Although CR is a new technology, several limitations should be noted. Compared with VR, CR uses more complex algorithms and requires more powerful processors and longer processing times. Second, the shadow effect produced by the global illumination model does make the image photorealistic, but this shadow effect may obscure small lesions and even important pathology. Finally, compared with VRT, CR exhibits no obvious advantage in hypo-enhanced soft tissue tumors and requires further improvements. If CR can integrate the region-growth method, it may achieve better results.

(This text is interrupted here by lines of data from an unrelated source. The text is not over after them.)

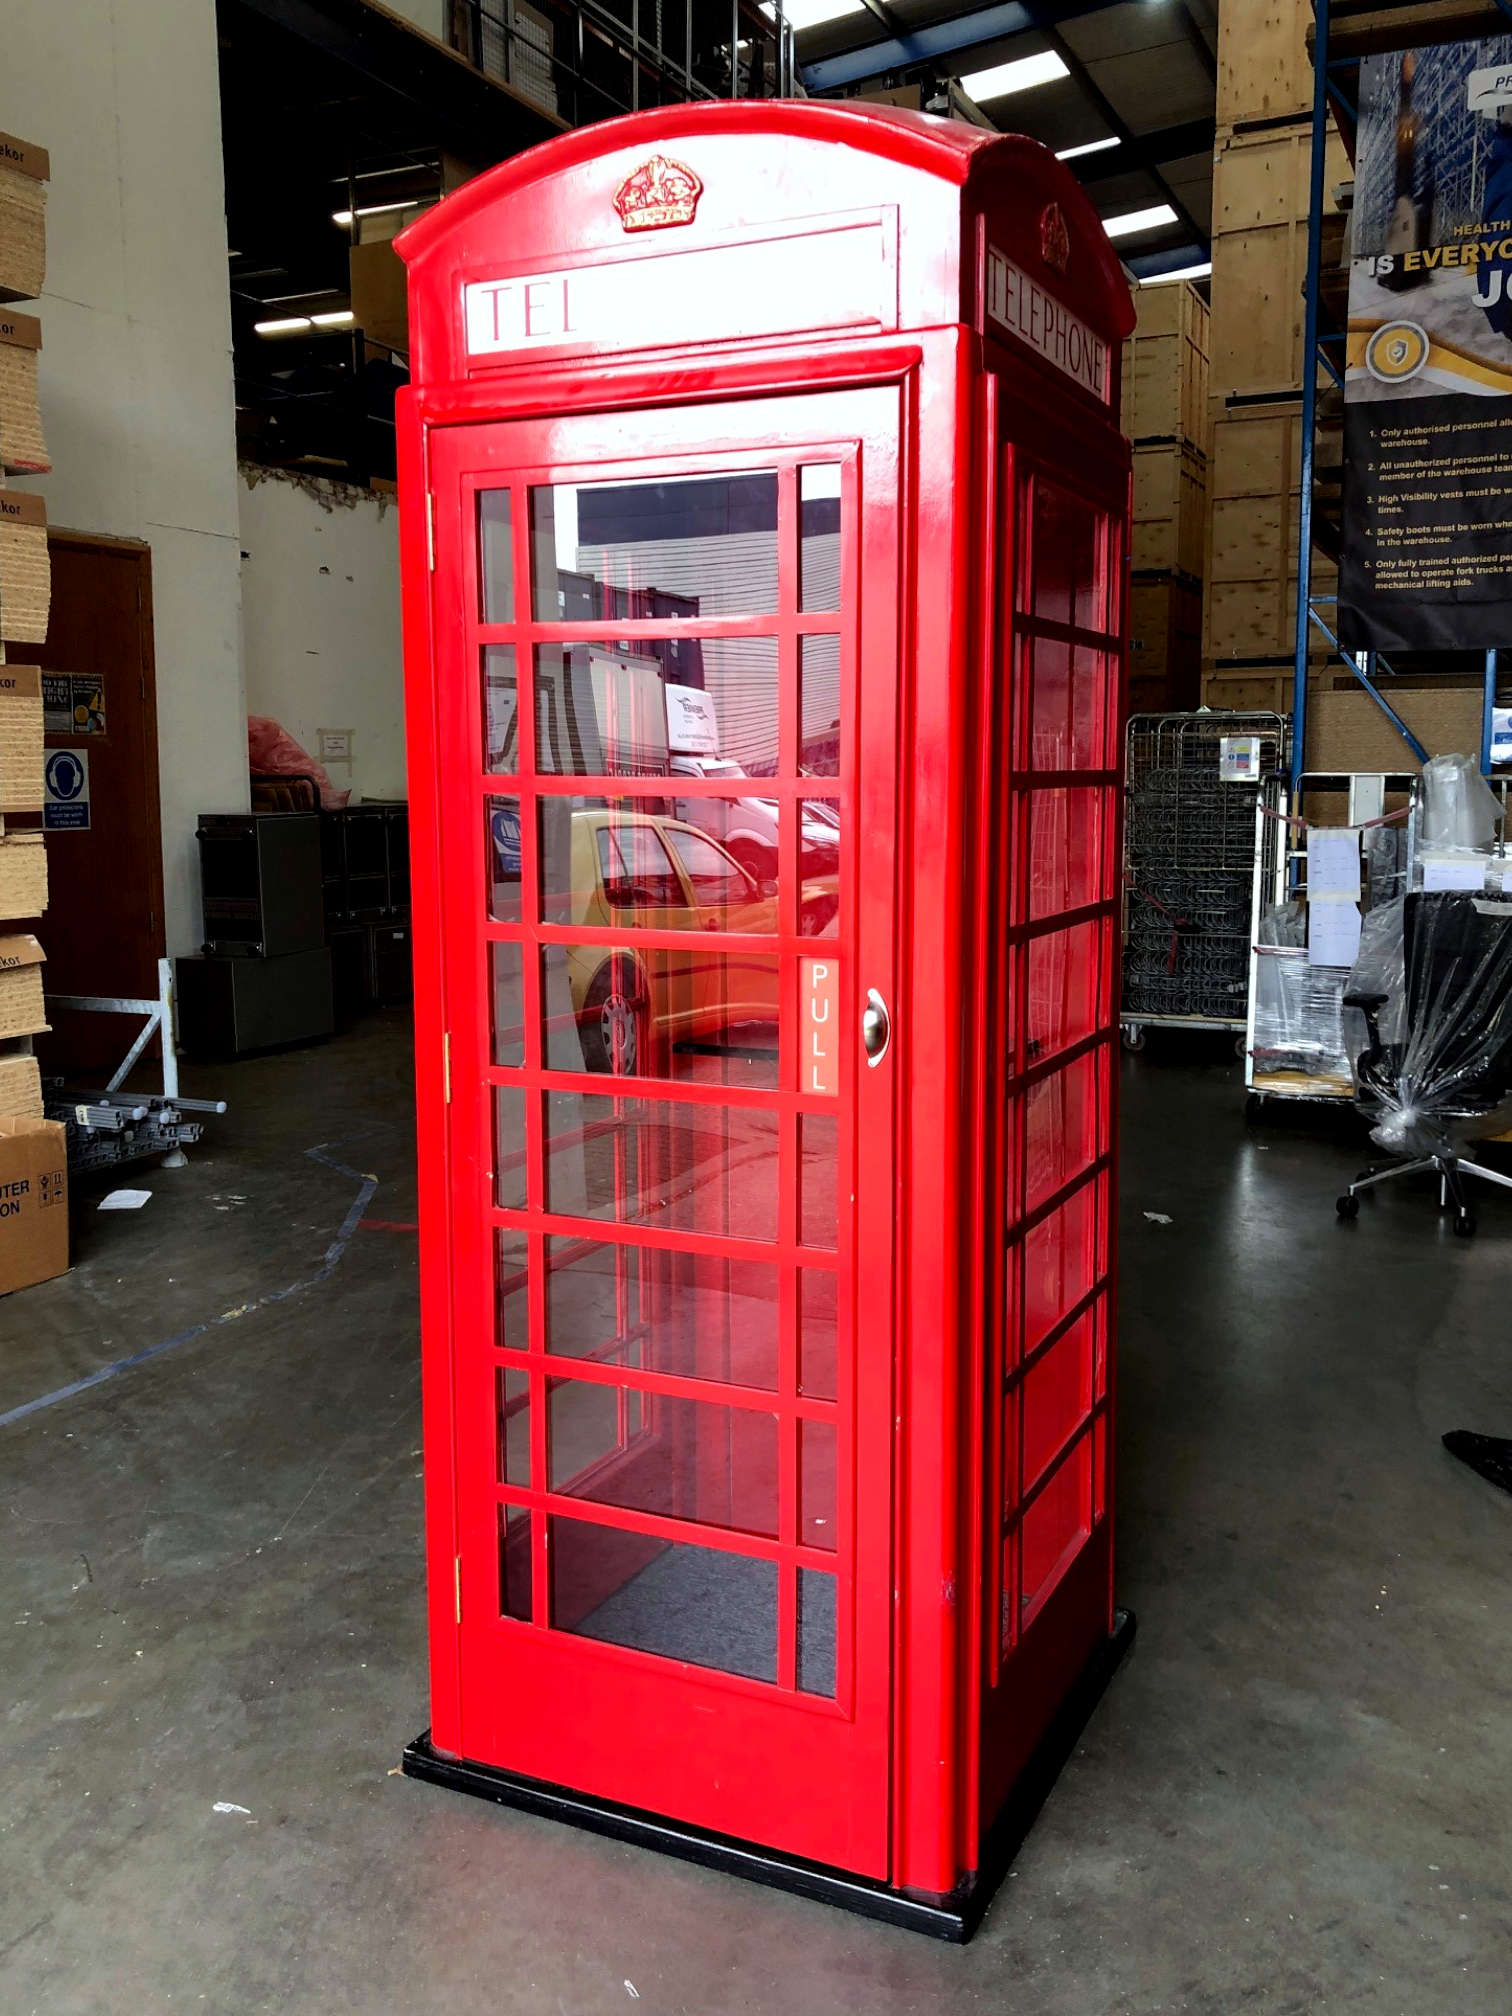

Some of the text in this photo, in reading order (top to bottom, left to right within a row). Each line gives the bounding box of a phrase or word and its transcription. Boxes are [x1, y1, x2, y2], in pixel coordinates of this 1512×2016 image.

[1454, 220, 1510, 236] HEALTH
[1368, 255, 1394, 276] IS
[1472, 270, 1512, 308] J
[988, 249, 1102, 393] TELEPHONE
[1380, 428, 1401, 438] Only
[1403, 423, 1451, 436] authorised
[1452, 419, 1498, 432] personnel
[1380, 438, 1430, 448] warehouse.
[1379, 461, 1392, 471] All
[1393, 458, 1451, 470] unauthorized
[1452, 453, 1498, 466] personnel
[1499, 453, 1510, 461] to
[1378, 472, 1414, 481] member
[1416, 471, 1426, 479] of
[1427, 469, 1441, 478] the
[1443, 466, 1493, 477] warehouse
[1377, 495, 1399, 505] High
[1400, 491, 1438, 503] Visibility
[1440, 490, 1464, 499] vests
[1465, 488, 1489, 498] must
[1490, 487, 1502, 495] be
[1377, 505, 1404, 514] times.
[1376, 527, 1405, 537] Safety
[1406, 525, 1431, 534] boots
[1432, 523, 1456, 533] must
[1457, 522, 1468, 531] be
[1470, 521, 1493, 530] worn
[1387, 538, 1402, 546] the
[1402, 535, 1453, 546] warehouse.
[1375, 560, 1397, 569] Only
[1398, 558, 1417, 568] fully
[1418, 556, 1449, 566] trained
[1451, 553, 1498, 565] authorized
[1375, 568, 1409, 579] allowed
[1410, 569, 1420, 578] to
[1421, 568, 1455, 578] operate
[1456, 566, 1475, 575] fork
[1476, 564, 1504, 574] trucks
[1374, 577, 1473, 590] mechanical lifting aids.
[811, 964, 828, 1090] PULL
[0, 1180, 30, 1199] TER

In conclusion, CR is a new and promising imaging technique that exhibits a wide range of uses in the diagnosis of pelvic tumors, tumor division, preoperative planning, and communication with patients. Compared with traditional VR, the main innovation of CR is the ability to present CT volume data more naturally and photo-realistically with a rich and colorful template. When you view these images, you are not only diagnosing a condition but also observing important details.
Funding: This study was supported by the National Natural Science Foundation of China (Grant No. 81703155), the Yunnan Applied Basic Research Projects-KMU Joint Special Project [Grant no. 2017FE468(-071)] and the Yunnan Health Training Project of High Level Talents (H-2017005) and the Yunnan Doctoral Student New Scholar Award (2017).
Conflicts of Interest: The authors have no conflicts of interest to declare.